Et pour agir, il ne faut
pas se laisser gagner par la peur, paralysante, mais avancer, avec courage et
lucidité, positivement, en se fondant sur les rares certitudes que tout cela
nous fait découvrir, ou redécouvrir.
Ce virus n’est que l’un de
ceux qui nous menacent. Pour le vaincre, pour gagner cette bataille et se
préparer à gagner les suivantes, voici dix leçons provisoires et
positives :
1. L’humanité est menacée,
une fois de plus, par un mal apparu dans la nature et aggravé par les hommes. Un
mal, une fois de plus prévisible, et dont les générations précédentes n’ont pas
fait assez pour protéger les générations présentes.
2. Face à cette menace,
comme à tant d’autres, les désirs et les convoitises du passé apparaissent comme
dérisoires.
3. Face à cette menace,
comme à tant d’autres, bien des gens prennent conscience que rien ne vaut
vraiment plus que le temps qu’on passe avec ceux qu’on aime, et que le
sens qu’on donne à sa vie.
4. D’autres virus, d’autres
ennemis, menacent et menaceront l’humanité : les dérèglements climatiques, la
misère, le désordre. Ces ennemis interagissent avec celui d’aujourd’hui,
pour l’aggraver.
5. Face à ces innombrables
virus, il faut se mettre définitivement en économie de guerre et ne se
consacrer qu’à l’essentiel.
6. Les combattants de
la bataille d’aujourd’hui, les professions de santé, les policiers, les
enseignants, les politiques, les journalistes, et tant d’autres, ...éboueurs,
caissiers, vendeurs de fruits et légumes, de pain, de journaux, de viande,
chauffeurs, et tant d’autres... sont bien plus importants pour la survie de la
société que bien d’autres dont les productions se révèlent, soudain, bien moins
nécessaires à leurs clients de la veille.
7. Si, grâce à ces
combattants, une rémission arrive, il ne faudra pas oublier, dans l’euphorie
d’un printemps retrouvé, les craintes d’un printemps perdu. Il ne faudra pas
oublier que ce virus peut revenir et que bien d’autres menaces sont encore
là.
8. Il ne faudra pas se
contenter de créer, une nouvelle fois, les conditions d’un retour au même
criminel modèle de société qui nous a conduits à cette guerre, que nous
pouvons encore perdre. Que nous sommes même certains de perdre si nous n’en
tirons pas les leçons.
9. Pour éviter le retour de
ces malheurs, pour éloigner ce virus autant que les suivants, il faudra enfin
admettre qu’une société pourrait parfaitement fonctionner, et être heureuse,
en consacrant bien plus de la moitié de ses activités créatrices de richesses
aux industries et services de la santé, de l’alimentation, de l’hygiène, de
l’éducation, de l’environnement et de la culture.
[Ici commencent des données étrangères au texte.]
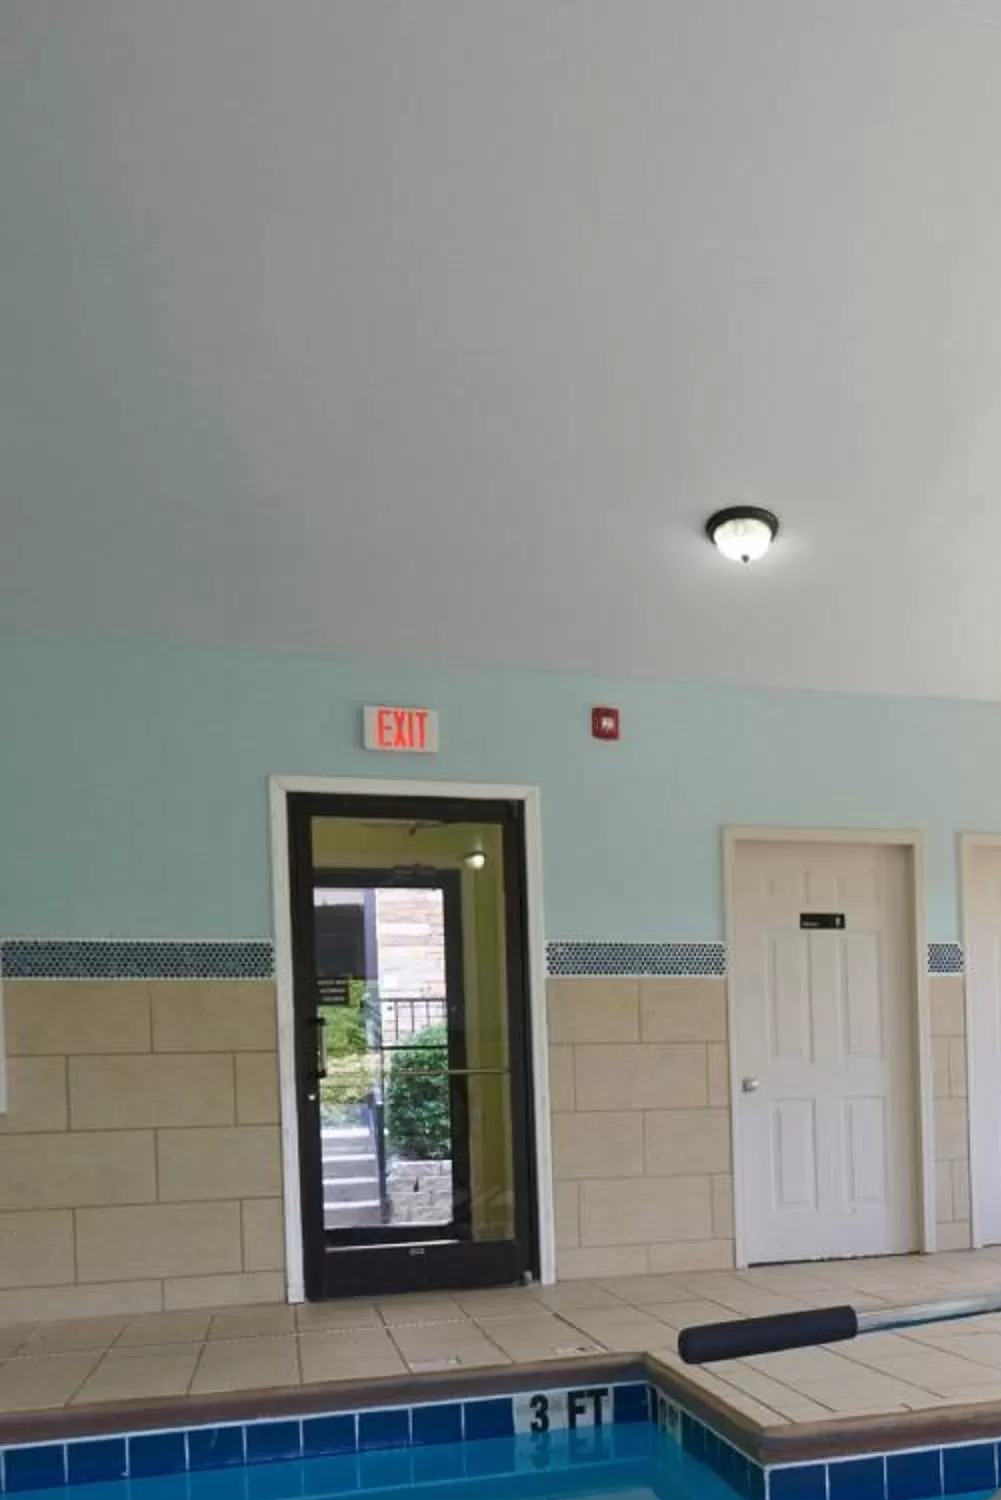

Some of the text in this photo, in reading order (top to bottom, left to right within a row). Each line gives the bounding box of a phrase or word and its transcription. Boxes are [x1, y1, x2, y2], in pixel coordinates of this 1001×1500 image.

[377, 708, 429, 749] EXIT
[529, 1387, 609, 1433] 3 FT
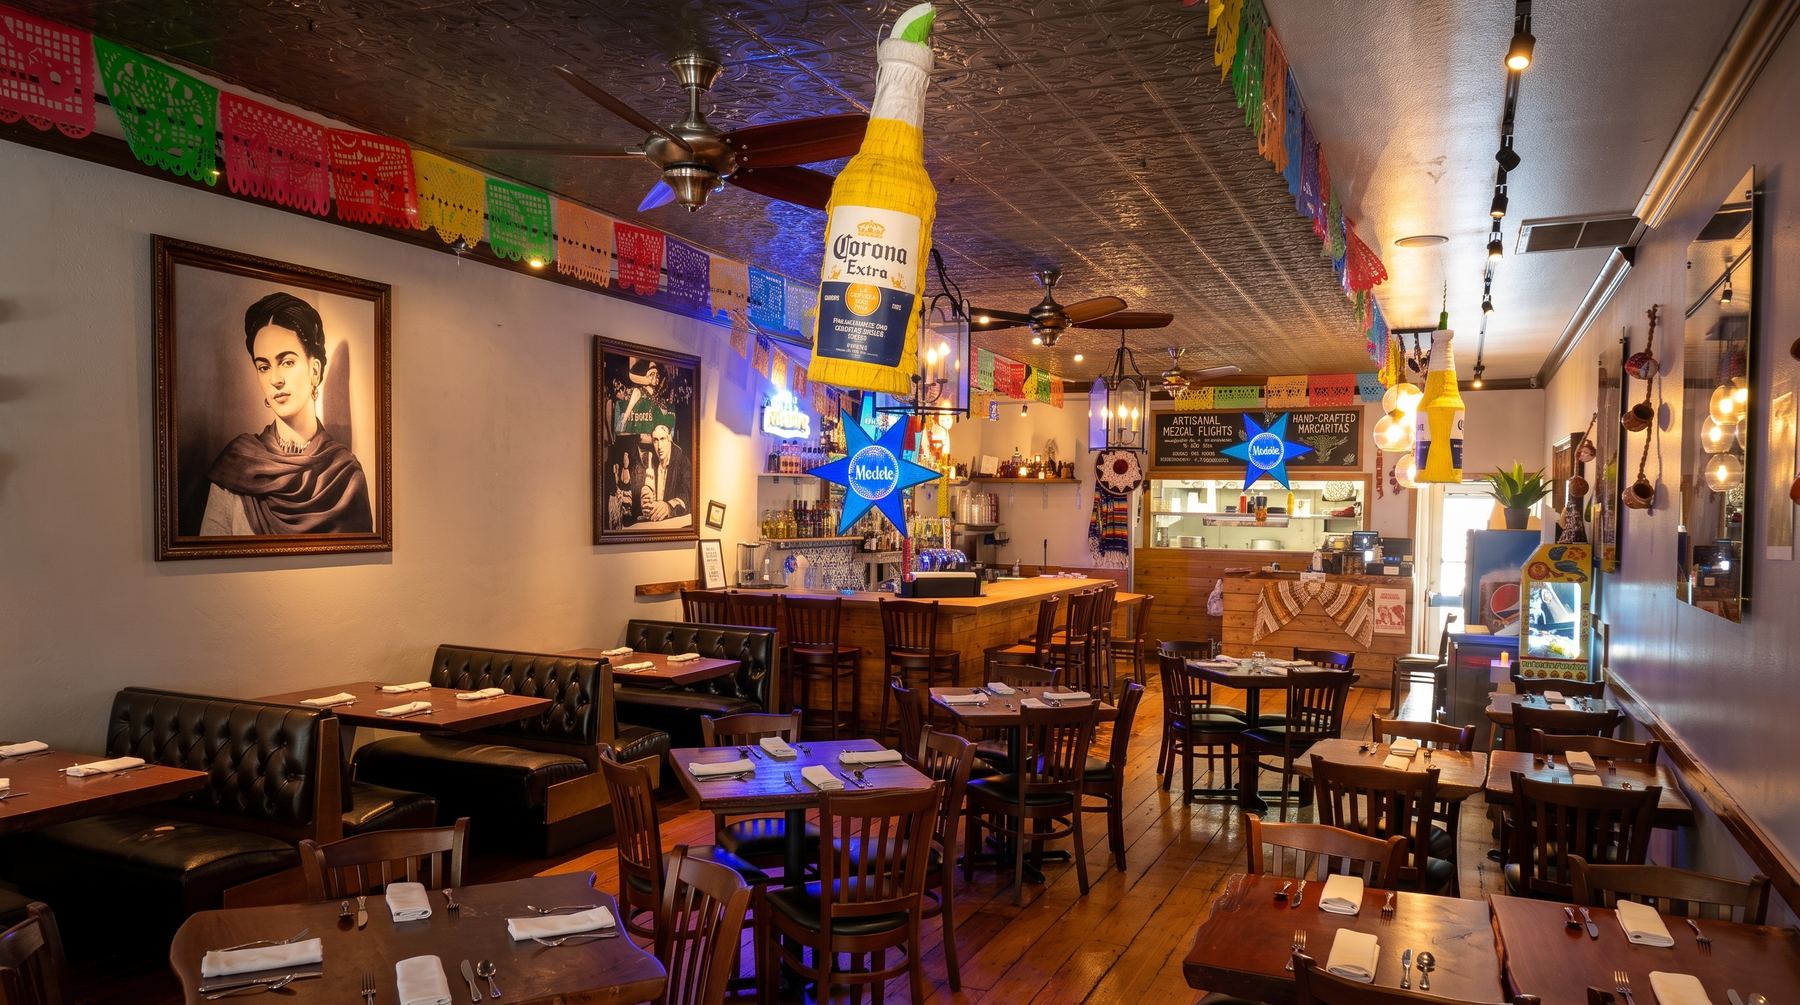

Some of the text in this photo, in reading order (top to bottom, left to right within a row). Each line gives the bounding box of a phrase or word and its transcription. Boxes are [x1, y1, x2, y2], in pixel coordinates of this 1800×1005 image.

Et aux technologies qu’elles
nécessitent.
10. Il faudra enfin gérer
chaque pays et le monde d’une façon beaucoup plus empathique, prévenante,
soucieuse de proximité, de justice, et de chaleur humaine. Comme on le
fait un peu, parfois, en ce moment, dans la panique, sous la contrainte du
mal.
C’est seulement en
retenant irréversiblement ces leçons que nous pourrons vaincre cet ennemi,
combattre les suivants, et, plus généralement, permettre aux générations futures
de vivre ; et si possible de vivre mieux que nous."